Unser erster Versuch, die Auswirkungen sozialer Netzwerke auf die Gesundheit zu untersuchen, konzentrierte sich auf die gesamte schwedische Bevölkerung auf einer „makroskopischen“ Ebene. In Zusammenarbeit mit dem zentralen schwedischen Statistikamt konnten wir die Auswirkungen von selbsteingeschätzten Interaktionen in sozialen Netzwerken auf die Gesundheit, in diesem Fall auf das Überleben, auswerten (Orth-Gomér und Johnson 1987).

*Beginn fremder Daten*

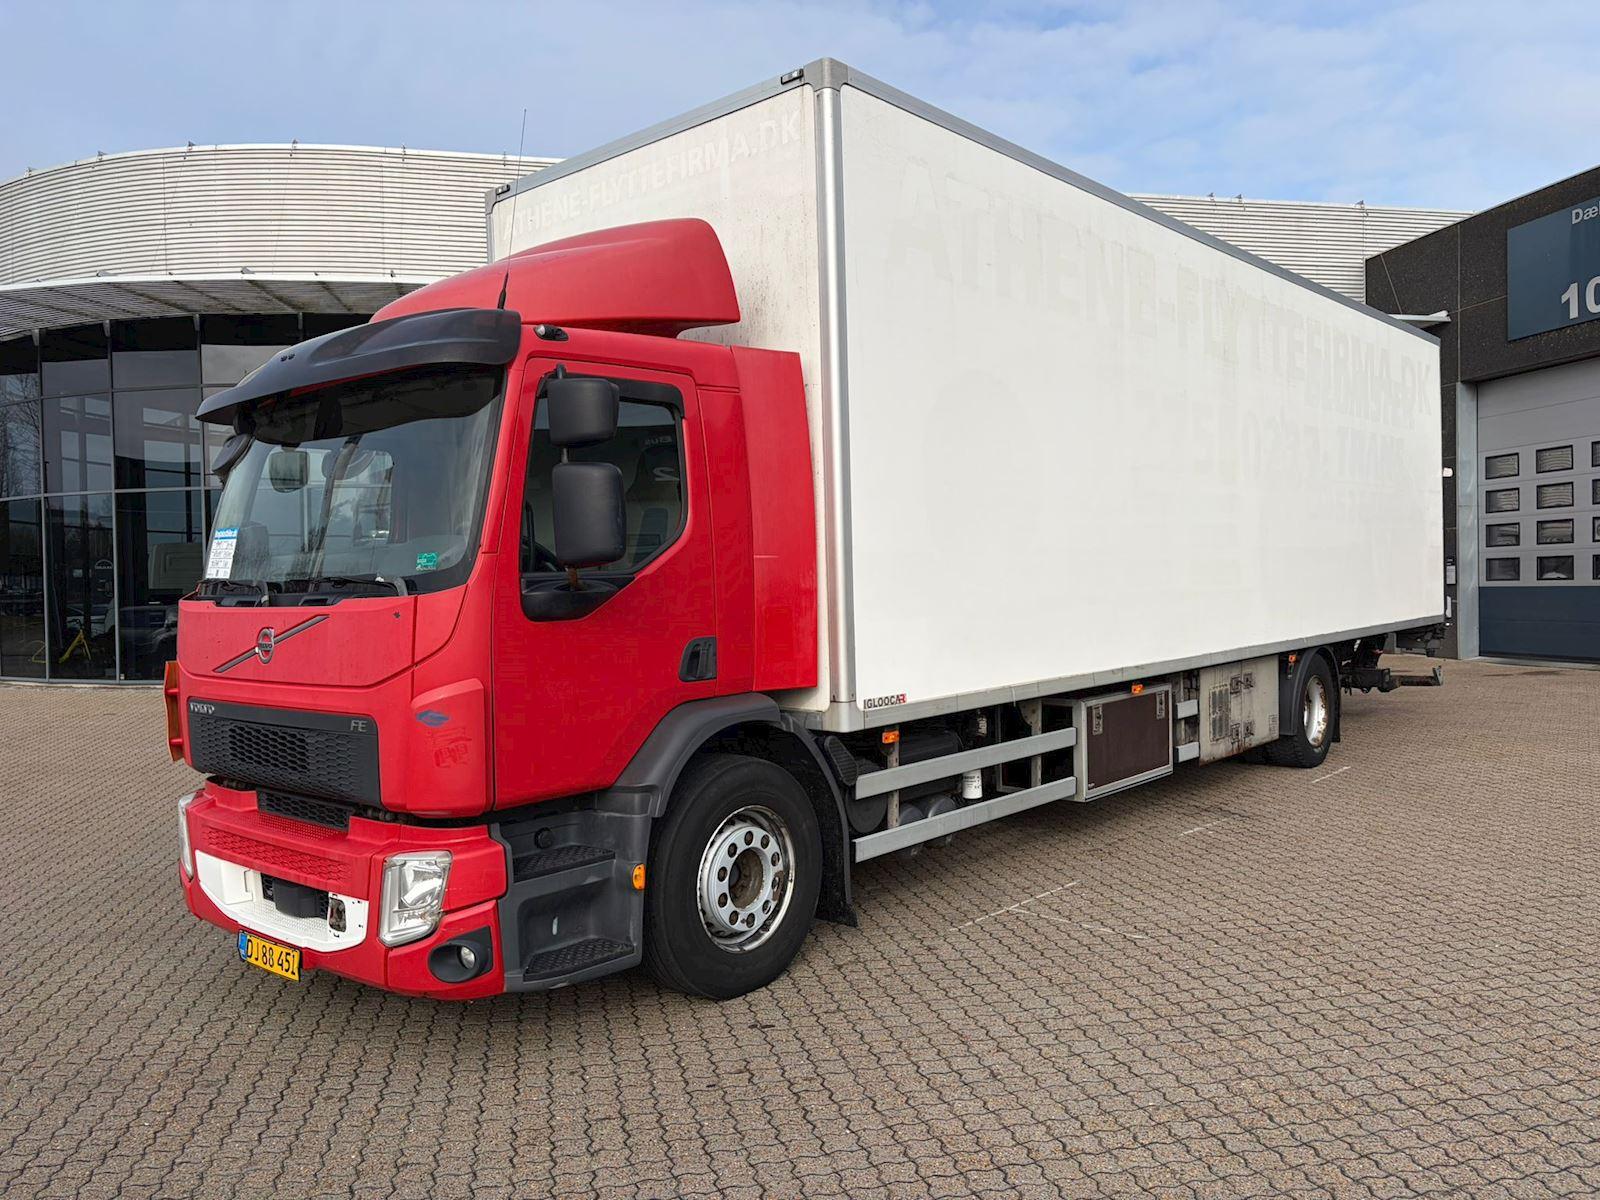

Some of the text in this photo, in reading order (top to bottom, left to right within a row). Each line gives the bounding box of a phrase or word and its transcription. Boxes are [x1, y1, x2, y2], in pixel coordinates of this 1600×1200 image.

17,433 Männer und Frauen, die eine Zufallsstichprobe der erwachsenen schwedischen Bevölkerung darstellen, beantworteten einen Fragebogen zu ihren sozialen Bindungen und sozialen Netzwerken. Der Fragebogen war in zwei der jährlichen enthalten Erhebungen der Lebensbedingungen in Schweden, die das Wohlergehen der Nation sowohl in materieller als auch in sozialer und psychologischer Hinsicht beurteilen und messen sollten. Basierend auf dem Fragebogen erstellten wir einen umfassenden Interaktionsindex für soziale Netzwerke, der die Anzahl der Mitglieder im Netzwerk und die Häufigkeit der Kontakte mit jedem Mitglied enthielt. Mittels Faktorenanalyse wurden sieben Kontaktquellen identifiziert: Eltern, Geschwister, Kernfamilie (Ehepartner und Kinder), nahe Verwandte, Arbeitskollegen, Nachbarn, entfernte Verwandte und Freunde. Die Kontakte mit jeder Quelle wurden berechnet und zu einem Gesamtindexwert addiert, der von null bis 106 reichte.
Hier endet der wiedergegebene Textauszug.